Larry MacDonald asked me a few questions for an article he is working on, and it caused me to think a bit more about a subject that it is important as parents to talk to our kids about. What are the taboo subjects with kids in most families? I must say that as a child growing up my parents never brought this subject up, and I must also admit that most of what I learned about it initially I learned “on the street”.

What is this taboo subject, that so few of us talk to our kids about (and heaven forbid ever want to educate them about)? Debt is the new taboo subject, not sex. My parents did talk about Money, but mostly in platitudes about the importance of saving and knowing how much money you earn and working hard (the Anglo-Catholic work ethic).

The subject of DEBT was taboo, and I suspect it is in many houses, because parents feel squeamish talking to their kids about this important topic.
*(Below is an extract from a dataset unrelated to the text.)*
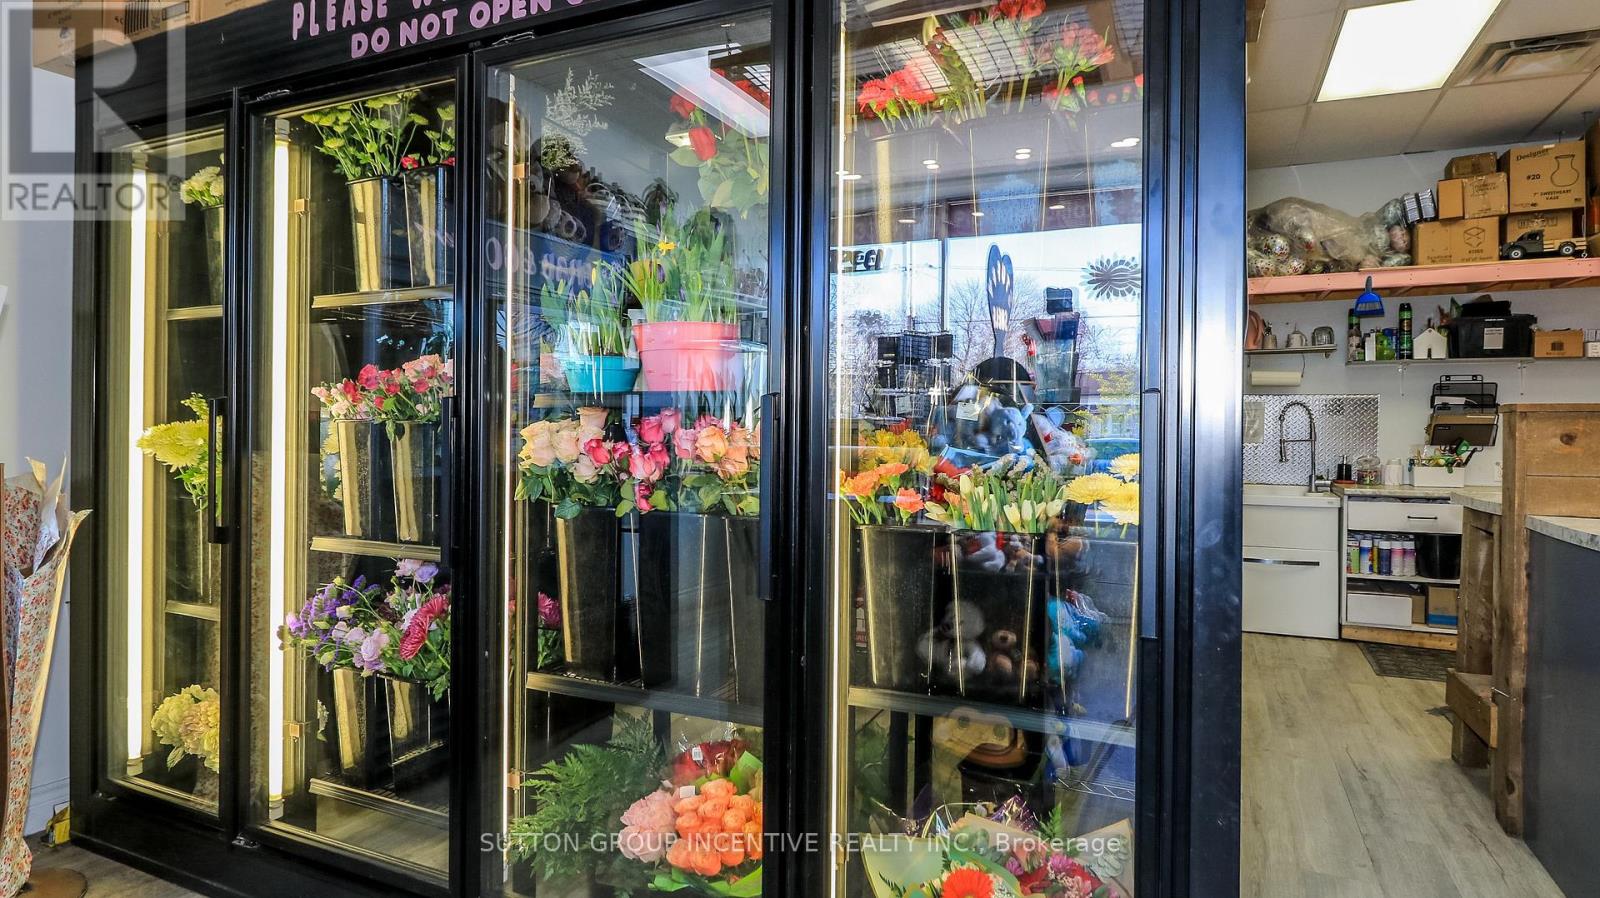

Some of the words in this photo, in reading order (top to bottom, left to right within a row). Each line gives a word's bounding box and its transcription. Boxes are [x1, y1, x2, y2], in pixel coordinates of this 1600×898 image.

[292, 0, 388, 41] PLEASE
[351, 27, 390, 59] DO
[400, 8, 458, 47] NOT
Admitting to your kids that you carry debt seems almost to be like talking about whether you did drugs as a kid, or when you lost your virginity (nope haven’t talked about either subject with my kids either).

As a youngster the first time I heard about DEBT and borrowing was from a school chum, who said his Dad had got some money from HFC (Household Finance) and at the end of the month he had to pay back MORE money than what he had been loaned. This concept seemed completely foreign and weird to me, and I believe I may have brought the subject up with my parents, and they may have dismissed it with a, “Well, never deal with a company like that….”.
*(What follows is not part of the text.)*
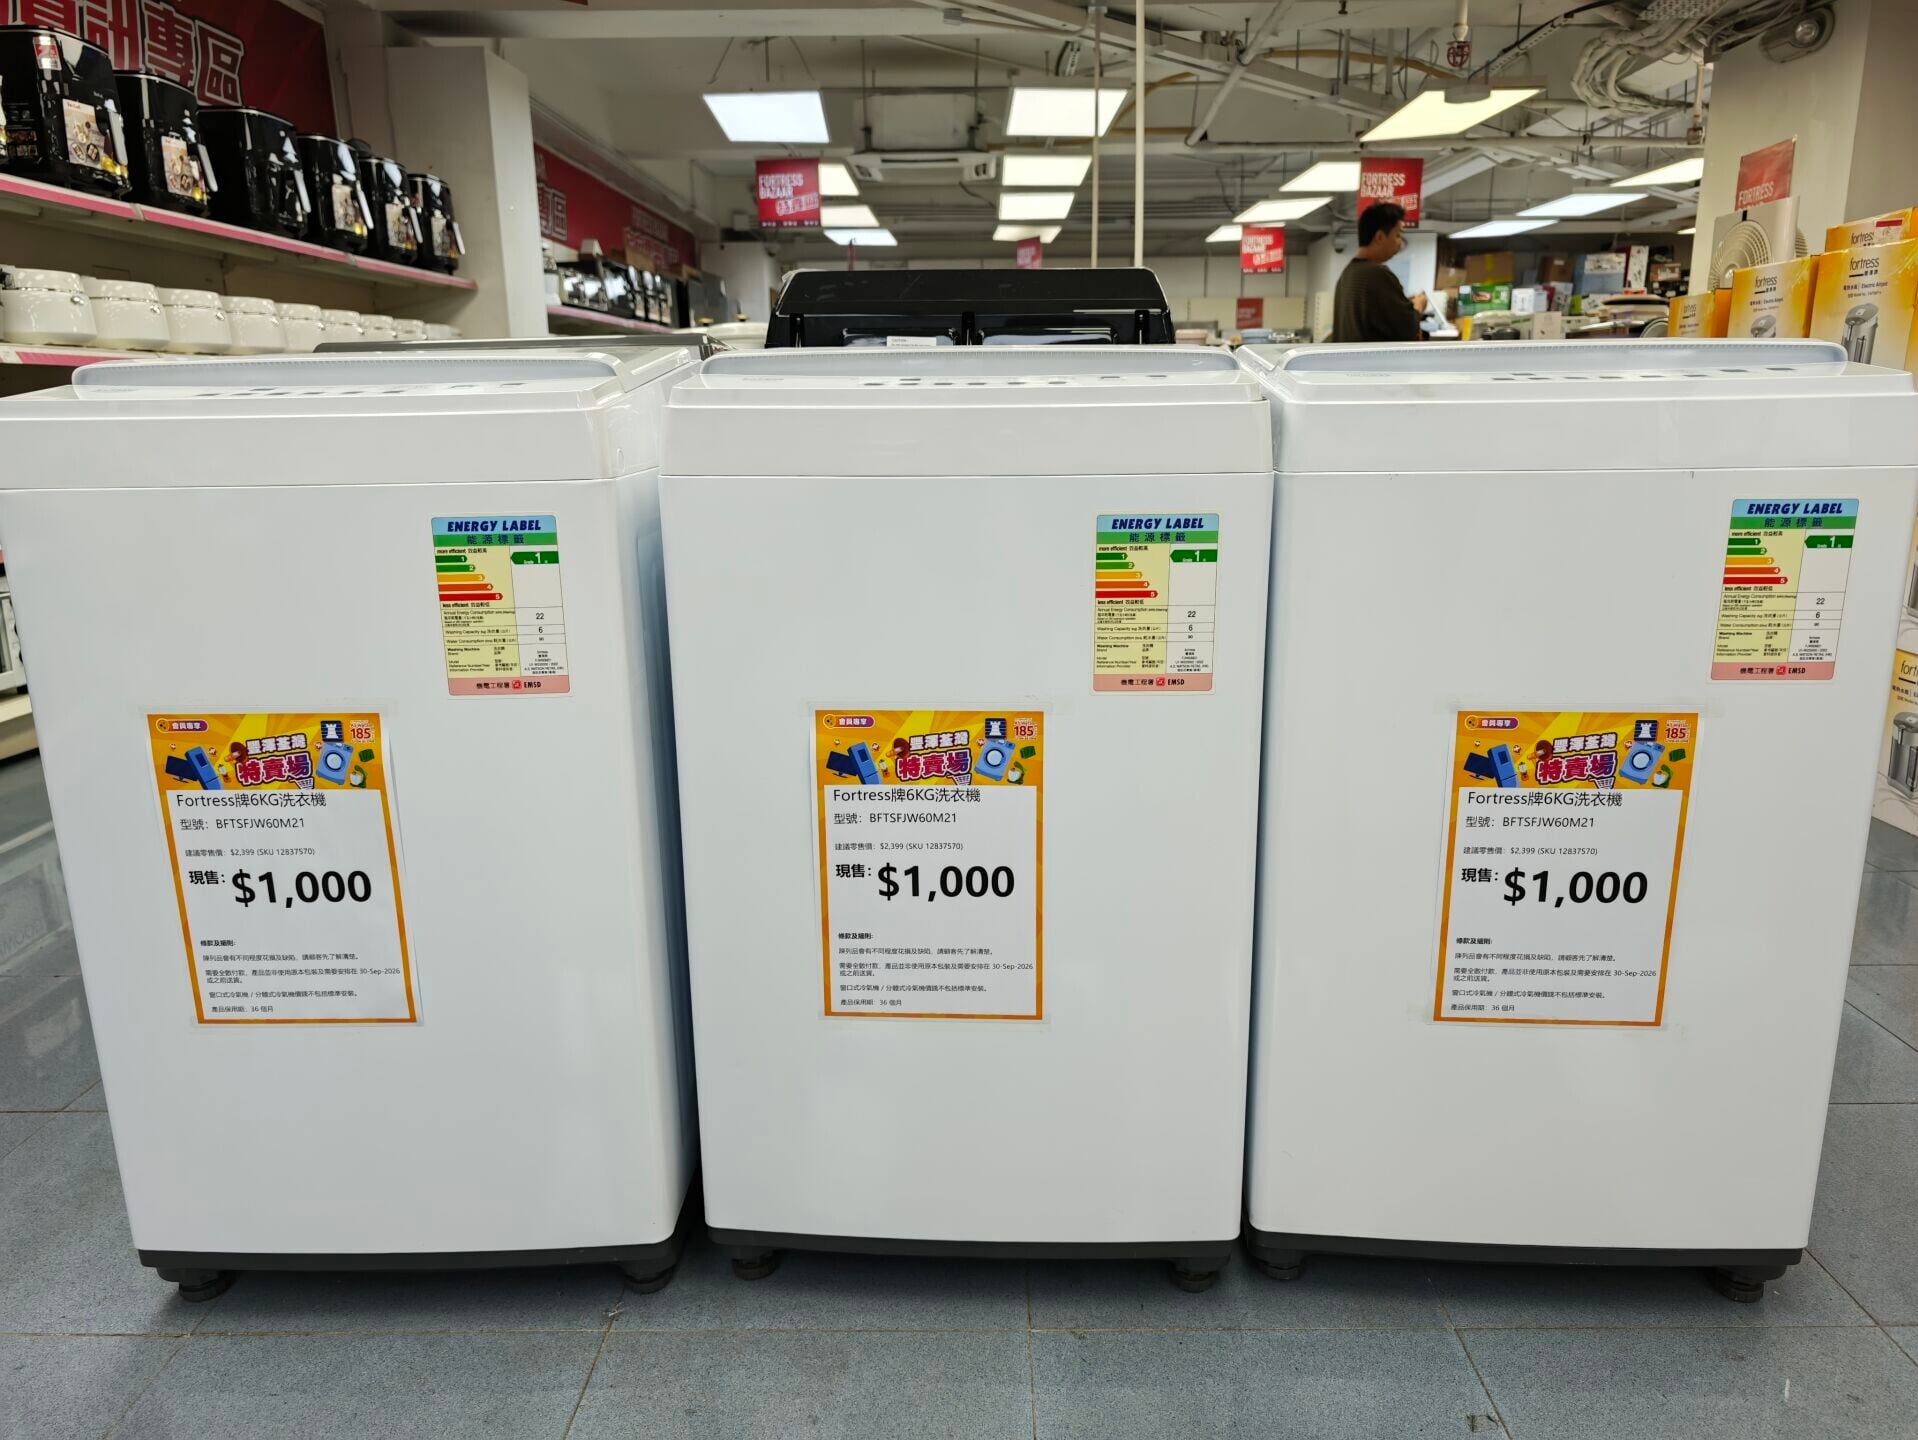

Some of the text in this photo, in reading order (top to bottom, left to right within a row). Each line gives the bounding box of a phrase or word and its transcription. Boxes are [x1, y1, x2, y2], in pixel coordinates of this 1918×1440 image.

There was an opportunity to teach a young mind about debt, and borrowing, but an opportunity missed in this instance.

You don’t have to go into gross details about your debt to your kids, but explaining to them what debt you have, and better still WHY you have that debt may be an important lesson to teach your children.

An example would be explaining about your Mortgage and why you carry that debt. Kids think you own your house (I know I did) and I didn’t really figure out that my parents didn’t own the house until I was graduating high school and there was talk of Mortgage burning parties and such. Having kids understand what a mortgage is for (and maybe what it is NOT for as well), helps them understand what Debt is, and the more they understand Debt, the less likely they are to get themselves into a “Debt Jam”.

Too many kids I know have no idea what debt is, or worse, don’t seem to care how it can disrupt, strain or even destroy lives and relationships. If your kid grows up with the following cause and effect model:

I ask Mum and Dad for an Iphone -> They argue about it, say that it is too
expensive -> I keep asking and finally they buy it for me -> They get mad
at me when I lose it or use it

what are these kids learning? Did you have to go into debt to buy this toy? Can you afford to pay for this toy? Does your kid value this toy? (I believe in this example the answers are: Nothing, Yes, No, and No).

Teach Your Children Well

Teach your kids about Debt (aka the 800 pound Rhinoceros in the room) and encourage them to learn about it themselves. Don’t let them learn about it on the streets!

{ 2 comments }

  • Promod Sharma December 7, 2018, 3:48 PM

    Great points Alan! Teaching children about money is indeed important. They learn by watching.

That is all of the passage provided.